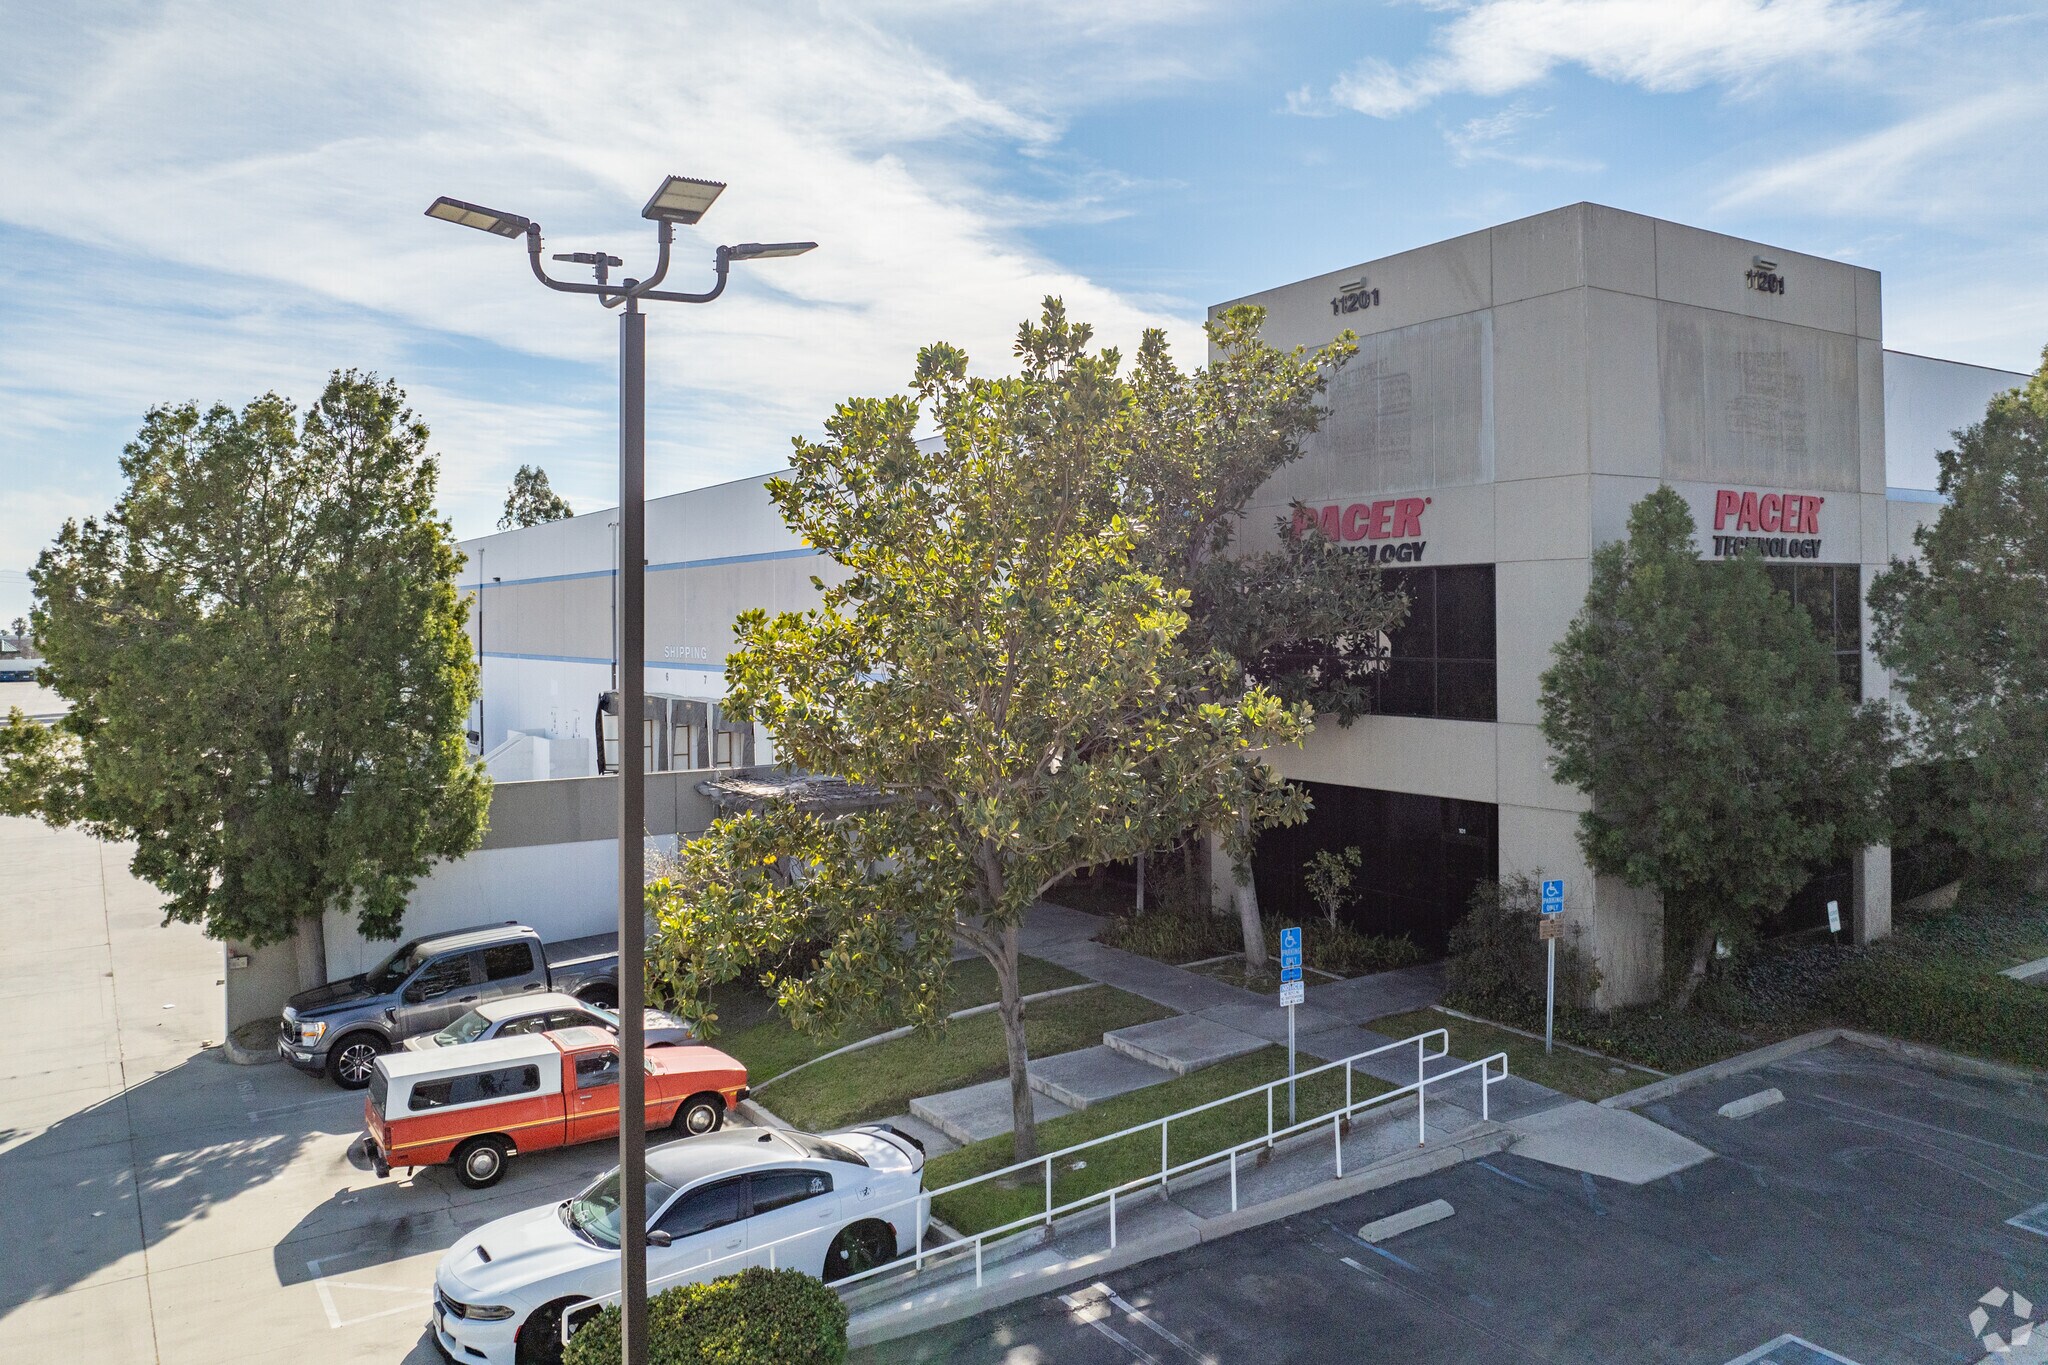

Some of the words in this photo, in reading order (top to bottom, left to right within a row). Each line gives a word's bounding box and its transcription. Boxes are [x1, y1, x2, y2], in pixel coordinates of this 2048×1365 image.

[1745, 269, 1785, 295] 11201
[1330, 288, 1380, 316] 11201
[1290, 497, 1426, 543] PACER
[1713, 489, 1822, 534] PACER
[664, 645, 707, 659] SHIPPING
[703, 674, 708, 684] 7
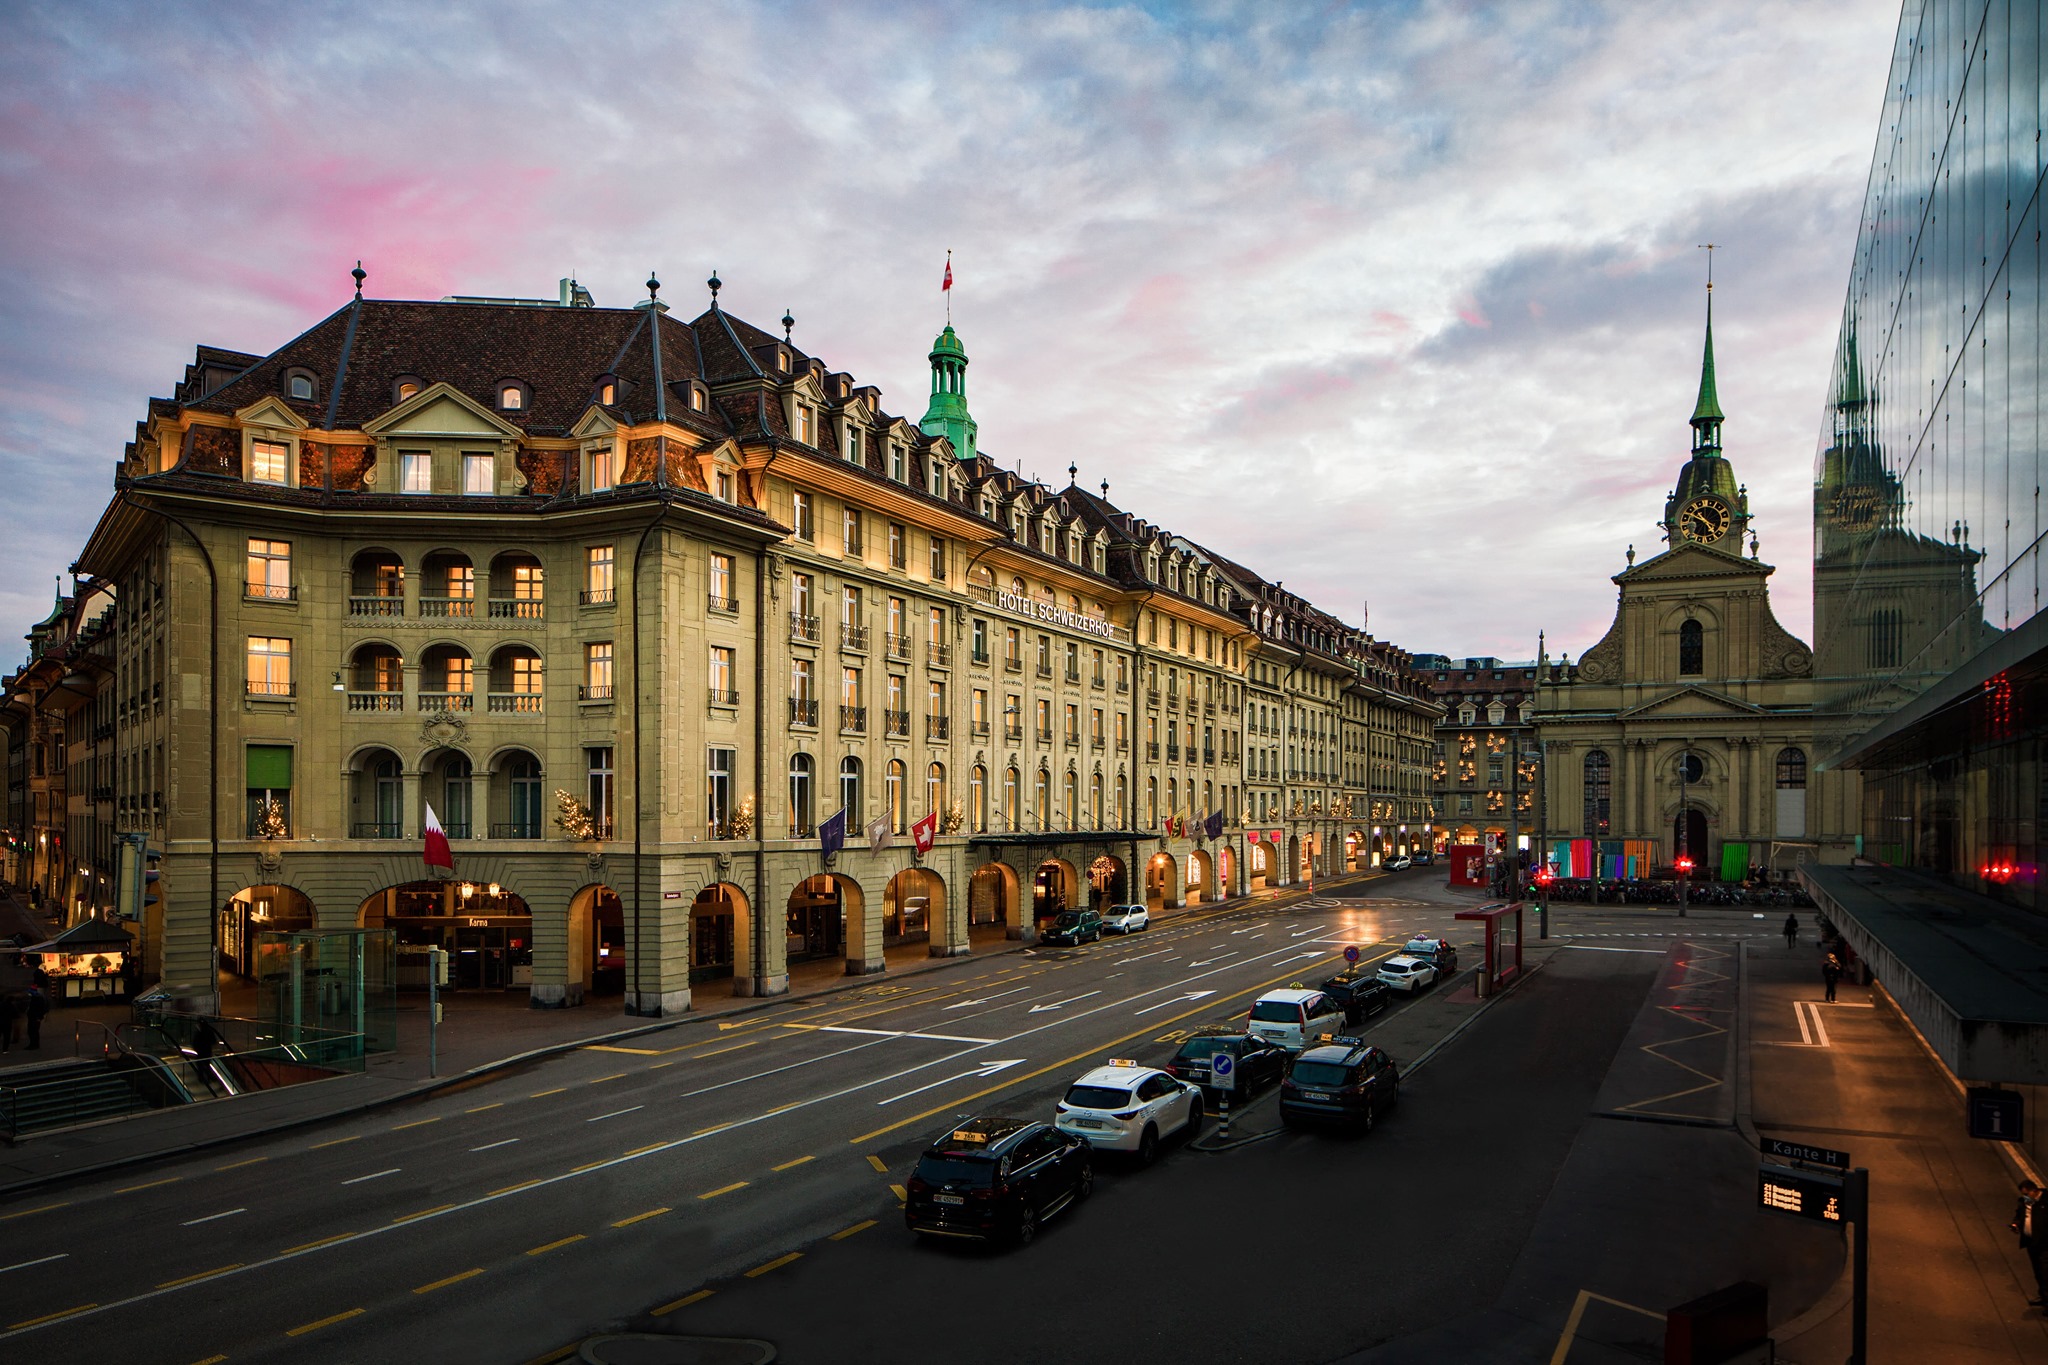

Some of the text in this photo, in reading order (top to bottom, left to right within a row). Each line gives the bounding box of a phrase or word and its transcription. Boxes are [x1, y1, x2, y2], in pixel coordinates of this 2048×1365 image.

• _WORK REQUEST_
Write out the listing above exactly as it stands, pictures excluded.

• _EXERCISE RESPONSE_
Some of the words in this photo, in reading order (top to bottom, left to right within a row). Each line gives a word's bounding box and its transcription. Boxes are [x1, y1, x2, y2], in pixel coordinates of this 2048×1365 image.

[1745, 269, 1785, 295] 11201
[1330, 288, 1380, 316] 11201
[1290, 497, 1426, 543] PACER
[1713, 489, 1822, 534] PACER
[664, 645, 707, 659] SHIPPING
[703, 674, 708, 684] 7

Some of the text in this photo, in reading order (top to bottom, left to right within a row). Each line gives the bounding box of a phrase or word and its transcription. Boxes are [x1, y1, x2, y2], in pixel coordinates of this 2048×1365 image.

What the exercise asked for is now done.